What you have to do: As you reproduce every line below, keep it exactly as written and leave out the images.

[Annotated photo localization data]
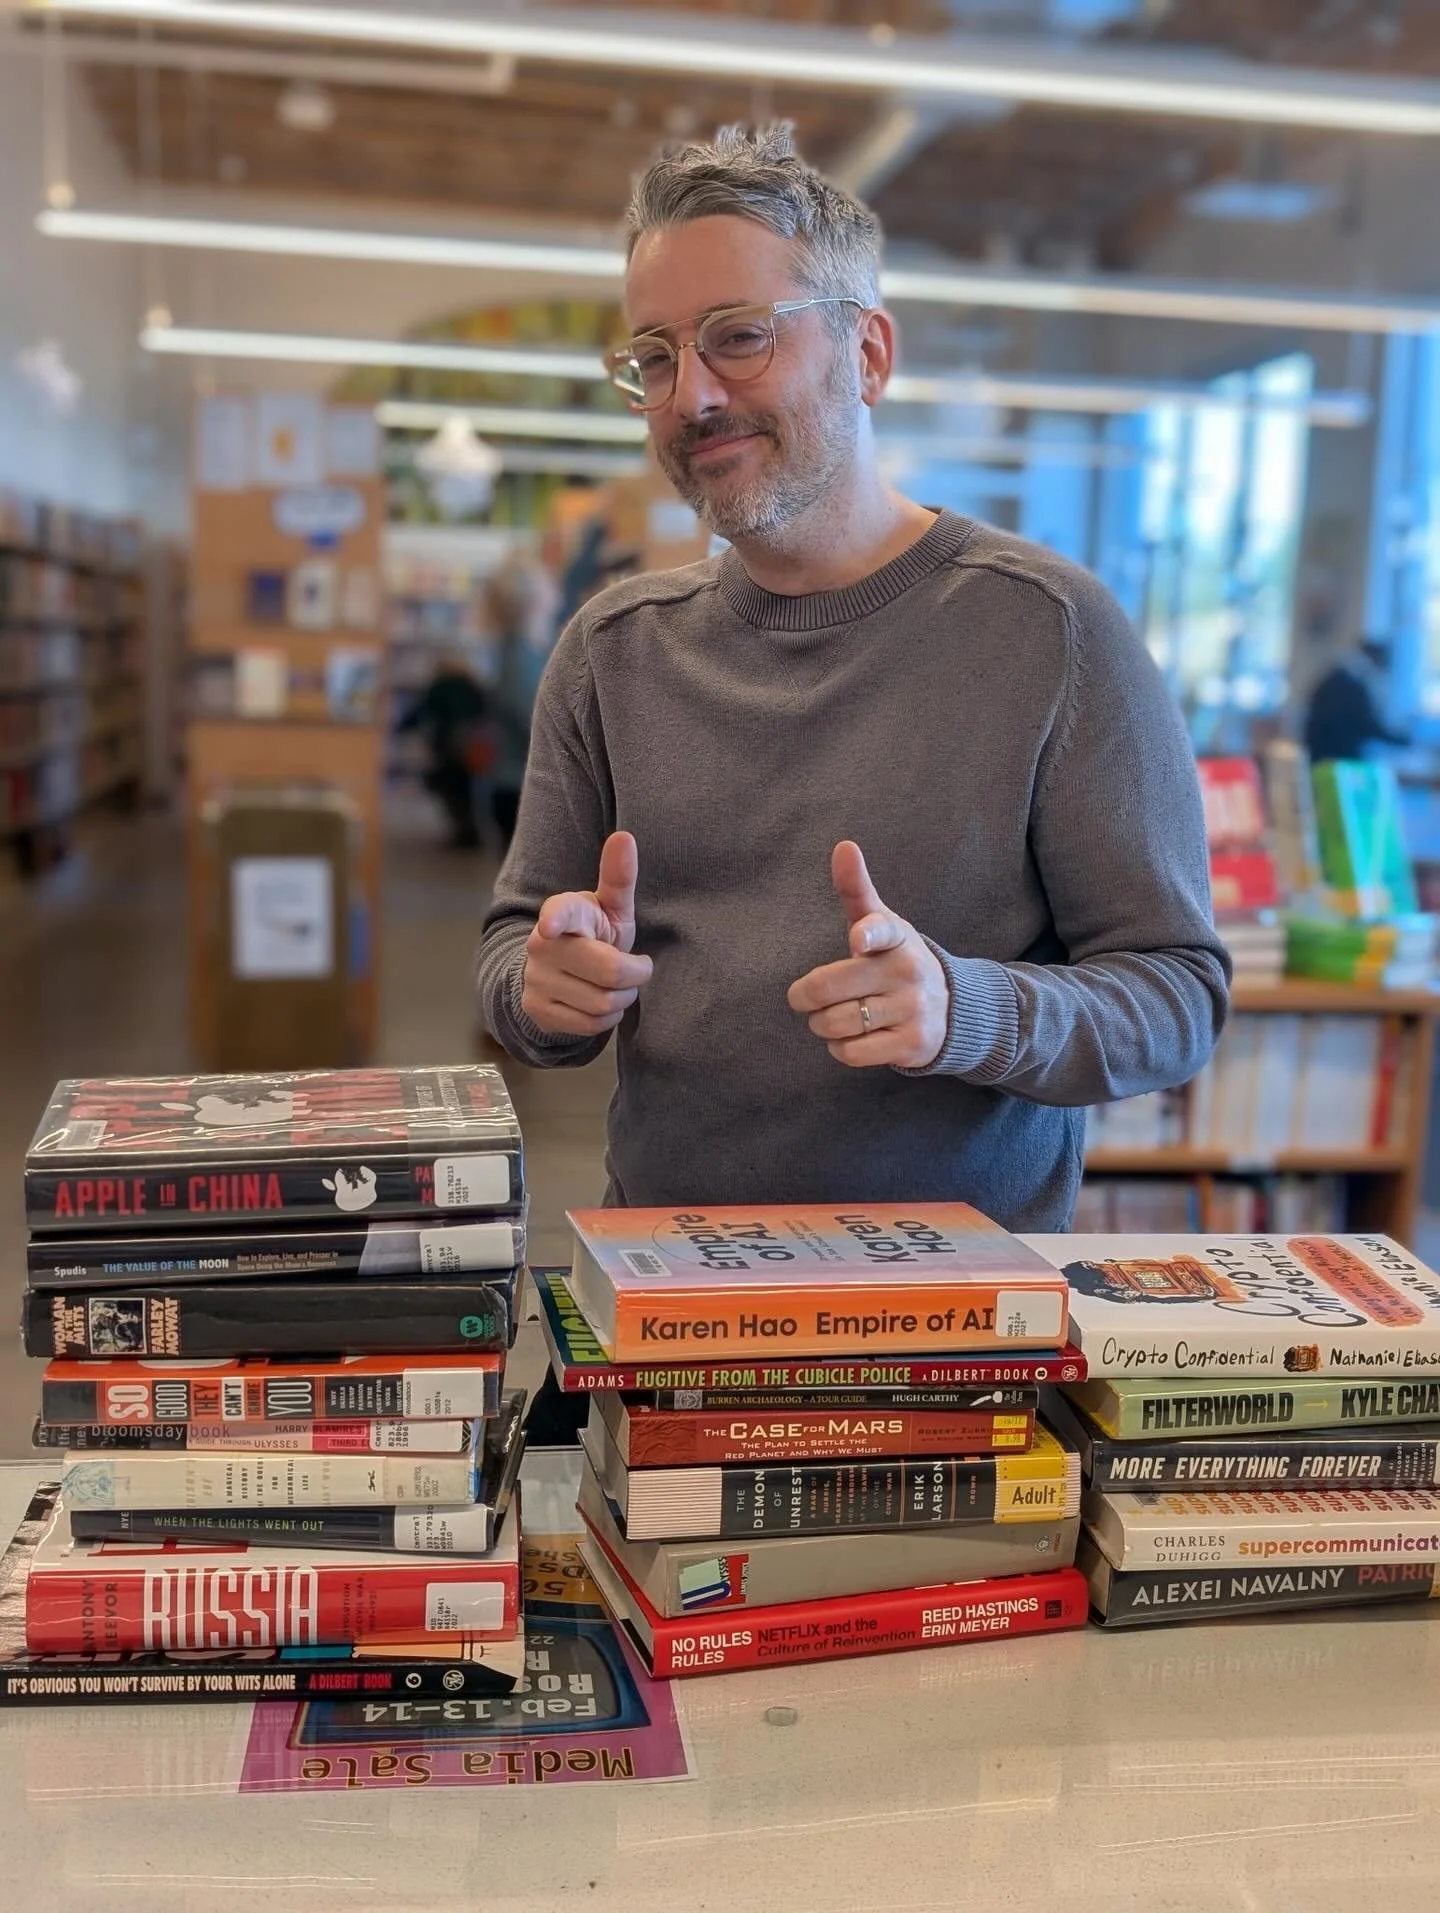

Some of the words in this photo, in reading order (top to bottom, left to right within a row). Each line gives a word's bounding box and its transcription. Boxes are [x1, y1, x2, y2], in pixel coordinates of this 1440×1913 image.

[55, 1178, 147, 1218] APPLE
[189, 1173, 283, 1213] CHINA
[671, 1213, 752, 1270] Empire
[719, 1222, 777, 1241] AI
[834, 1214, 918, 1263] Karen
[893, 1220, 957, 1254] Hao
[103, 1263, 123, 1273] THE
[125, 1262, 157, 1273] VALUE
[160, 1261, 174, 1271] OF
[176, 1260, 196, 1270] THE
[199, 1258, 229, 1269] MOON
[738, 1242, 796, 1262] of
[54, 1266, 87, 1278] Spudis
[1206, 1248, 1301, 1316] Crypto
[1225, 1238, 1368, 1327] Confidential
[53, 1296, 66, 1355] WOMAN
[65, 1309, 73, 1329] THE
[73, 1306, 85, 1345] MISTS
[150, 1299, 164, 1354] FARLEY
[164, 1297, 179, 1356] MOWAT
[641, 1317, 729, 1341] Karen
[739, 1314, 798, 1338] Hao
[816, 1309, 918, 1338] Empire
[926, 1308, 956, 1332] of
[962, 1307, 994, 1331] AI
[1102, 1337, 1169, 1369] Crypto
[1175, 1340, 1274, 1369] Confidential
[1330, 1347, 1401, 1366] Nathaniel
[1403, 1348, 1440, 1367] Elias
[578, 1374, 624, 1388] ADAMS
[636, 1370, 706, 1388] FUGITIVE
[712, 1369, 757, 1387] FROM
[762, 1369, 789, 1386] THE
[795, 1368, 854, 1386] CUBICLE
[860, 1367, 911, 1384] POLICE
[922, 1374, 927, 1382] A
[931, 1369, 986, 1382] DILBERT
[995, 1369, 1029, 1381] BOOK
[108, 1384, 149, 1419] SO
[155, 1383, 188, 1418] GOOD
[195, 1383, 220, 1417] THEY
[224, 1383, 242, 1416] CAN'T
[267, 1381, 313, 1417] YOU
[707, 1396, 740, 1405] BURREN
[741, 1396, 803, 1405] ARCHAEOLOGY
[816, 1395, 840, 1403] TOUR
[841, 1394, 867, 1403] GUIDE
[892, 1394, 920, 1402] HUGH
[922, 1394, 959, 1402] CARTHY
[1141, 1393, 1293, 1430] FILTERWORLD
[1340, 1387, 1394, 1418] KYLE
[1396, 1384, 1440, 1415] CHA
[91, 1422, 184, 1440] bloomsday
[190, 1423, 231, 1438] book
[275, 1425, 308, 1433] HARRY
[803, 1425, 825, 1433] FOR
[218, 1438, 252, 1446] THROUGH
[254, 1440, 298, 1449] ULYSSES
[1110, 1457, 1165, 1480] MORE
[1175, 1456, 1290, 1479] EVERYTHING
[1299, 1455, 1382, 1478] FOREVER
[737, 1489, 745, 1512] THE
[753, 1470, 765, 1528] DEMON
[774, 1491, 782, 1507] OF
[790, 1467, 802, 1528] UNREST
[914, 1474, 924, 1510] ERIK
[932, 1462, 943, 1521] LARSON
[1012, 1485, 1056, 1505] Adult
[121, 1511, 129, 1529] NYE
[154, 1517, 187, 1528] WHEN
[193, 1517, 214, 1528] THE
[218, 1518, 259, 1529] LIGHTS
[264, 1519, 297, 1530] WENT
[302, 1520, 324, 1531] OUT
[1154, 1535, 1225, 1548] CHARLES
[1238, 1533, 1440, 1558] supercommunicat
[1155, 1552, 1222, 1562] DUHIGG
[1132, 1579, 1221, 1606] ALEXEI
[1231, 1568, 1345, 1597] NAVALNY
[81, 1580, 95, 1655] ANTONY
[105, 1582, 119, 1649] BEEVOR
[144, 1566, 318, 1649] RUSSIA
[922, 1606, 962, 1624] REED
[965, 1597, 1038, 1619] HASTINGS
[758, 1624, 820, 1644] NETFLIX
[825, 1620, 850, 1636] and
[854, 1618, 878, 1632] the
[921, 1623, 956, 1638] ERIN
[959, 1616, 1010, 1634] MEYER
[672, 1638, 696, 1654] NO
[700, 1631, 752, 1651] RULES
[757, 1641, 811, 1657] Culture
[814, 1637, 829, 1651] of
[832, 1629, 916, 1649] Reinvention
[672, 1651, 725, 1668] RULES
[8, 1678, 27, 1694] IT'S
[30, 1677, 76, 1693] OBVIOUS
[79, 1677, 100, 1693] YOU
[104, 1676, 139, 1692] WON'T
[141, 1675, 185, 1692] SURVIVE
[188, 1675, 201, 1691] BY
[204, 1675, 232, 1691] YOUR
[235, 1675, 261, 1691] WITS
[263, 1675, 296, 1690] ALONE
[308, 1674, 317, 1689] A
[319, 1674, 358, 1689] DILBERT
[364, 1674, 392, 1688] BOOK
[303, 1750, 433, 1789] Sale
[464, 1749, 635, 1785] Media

Answer to this problem:
Some of the words in this photo, in reading order (top to bottom, left to right within a row). Each line gives a word's bounding box and its transcription. Boxes are [x1, y1, x2, y2], in pixel coordinates of this 1440×1913 image.

[55, 1178, 147, 1218] APPLE
[189, 1173, 283, 1213] CHINA
[671, 1213, 752, 1270] Empire
[719, 1222, 777, 1241] AI
[834, 1214, 918, 1263] Karen
[893, 1220, 957, 1254] Hao
[103, 1263, 123, 1273] THE
[125, 1262, 157, 1273] VALUE
[160, 1261, 174, 1271] OF
[176, 1260, 196, 1270] THE
[199, 1258, 229, 1269] MOON
[738, 1242, 796, 1262] of
[54, 1266, 87, 1278] Spudis
[1206, 1248, 1301, 1316] Crypto
[1225, 1238, 1368, 1327] Confidential
[53, 1296, 66, 1355] WOMAN
[65, 1309, 73, 1329] THE
[73, 1306, 85, 1345] MISTS
[150, 1299, 164, 1354] FARLEY
[164, 1297, 179, 1356] MOWAT
[641, 1317, 729, 1341] Karen
[739, 1314, 798, 1338] Hao
[816, 1309, 918, 1338] Empire
[926, 1308, 956, 1332] of
[962, 1307, 994, 1331] AI
[1102, 1337, 1169, 1369] Crypto
[1175, 1340, 1274, 1369] Confidential
[1330, 1347, 1401, 1366] Nathaniel
[1403, 1348, 1440, 1367] Elias
[578, 1374, 624, 1388] ADAMS
[636, 1370, 706, 1388] FUGITIVE
[712, 1369, 757, 1387] FROM
[762, 1369, 789, 1386] THE
[795, 1368, 854, 1386] CUBICLE
[860, 1367, 911, 1384] POLICE
[922, 1374, 927, 1382] A
[931, 1369, 986, 1382] DILBERT
[995, 1369, 1029, 1381] BOOK
[108, 1384, 149, 1419] SO
[155, 1383, 188, 1418] GOOD
[195, 1383, 220, 1417] THEY
[224, 1383, 242, 1416] CAN'T
[267, 1381, 313, 1417] YOU
[707, 1396, 740, 1405] BURREN
[741, 1396, 803, 1405] ARCHAEOLOGY
[816, 1395, 840, 1403] TOUR
[841, 1394, 867, 1403] GUIDE
[892, 1394, 920, 1402] HUGH
[922, 1394, 959, 1402] CARTHY
[1141, 1393, 1293, 1430] FILTERWORLD
[1340, 1387, 1394, 1418] KYLE
[1396, 1384, 1440, 1415] CHA
[91, 1422, 184, 1440] bloomsday
[190, 1423, 231, 1438] book
[275, 1425, 308, 1433] HARRY
[803, 1425, 825, 1433] FOR
[218, 1438, 252, 1446] THROUGH
[254, 1440, 298, 1449] ULYSSES
[1110, 1457, 1165, 1480] MORE
[1175, 1456, 1290, 1479] EVERYTHING
[1299, 1455, 1382, 1478] FOREVER
[737, 1489, 745, 1512] THE
[753, 1470, 765, 1528] DEMON
[774, 1491, 782, 1507] OF
[790, 1467, 802, 1528] UNREST
[914, 1474, 924, 1510] ERIK
[932, 1462, 943, 1521] LARSON
[1012, 1485, 1056, 1505] Adult
[121, 1511, 129, 1529] NYE
[154, 1517, 187, 1528] WHEN
[193, 1517, 214, 1528] THE
[218, 1518, 259, 1529] LIGHTS
[264, 1519, 297, 1530] WENT
[302, 1520, 324, 1531] OUT
[1154, 1535, 1225, 1548] CHARLES
[1238, 1533, 1440, 1558] supercommunicat
[1155, 1552, 1222, 1562] DUHIGG
[1132, 1579, 1221, 1606] ALEXEI
[1231, 1568, 1345, 1597] NAVALNY
[81, 1580, 95, 1655] ANTONY
[105, 1582, 119, 1649] BEEVOR
[144, 1566, 318, 1649] RUSSIA
[922, 1606, 962, 1624] REED
[965, 1597, 1038, 1619] HASTINGS
[758, 1624, 820, 1644] NETFLIX
[825, 1620, 850, 1636] and
[854, 1618, 878, 1632] the
[921, 1623, 956, 1638] ERIN
[959, 1616, 1010, 1634] MEYER
[672, 1638, 696, 1654] NO
[700, 1631, 752, 1651] RULES
[757, 1641, 811, 1657] Culture
[814, 1637, 829, 1651] of
[832, 1629, 916, 1649] Reinvention
[672, 1651, 725, 1668] RULES
[8, 1678, 27, 1694] IT'S
[30, 1677, 76, 1693] OBVIOUS
[79, 1677, 100, 1693] YOU
[104, 1676, 139, 1692] WON'T
[141, 1675, 185, 1692] SURVIVE
[188, 1675, 201, 1691] BY
[204, 1675, 232, 1691] YOUR
[235, 1675, 261, 1691] WITS
[263, 1675, 296, 1690] ALONE
[308, 1674, 317, 1689] A
[319, 1674, 358, 1689] DILBERT
[364, 1674, 392, 1688] BOOK
[303, 1750, 433, 1789] Sale
[464, 1749, 635, 1785] Media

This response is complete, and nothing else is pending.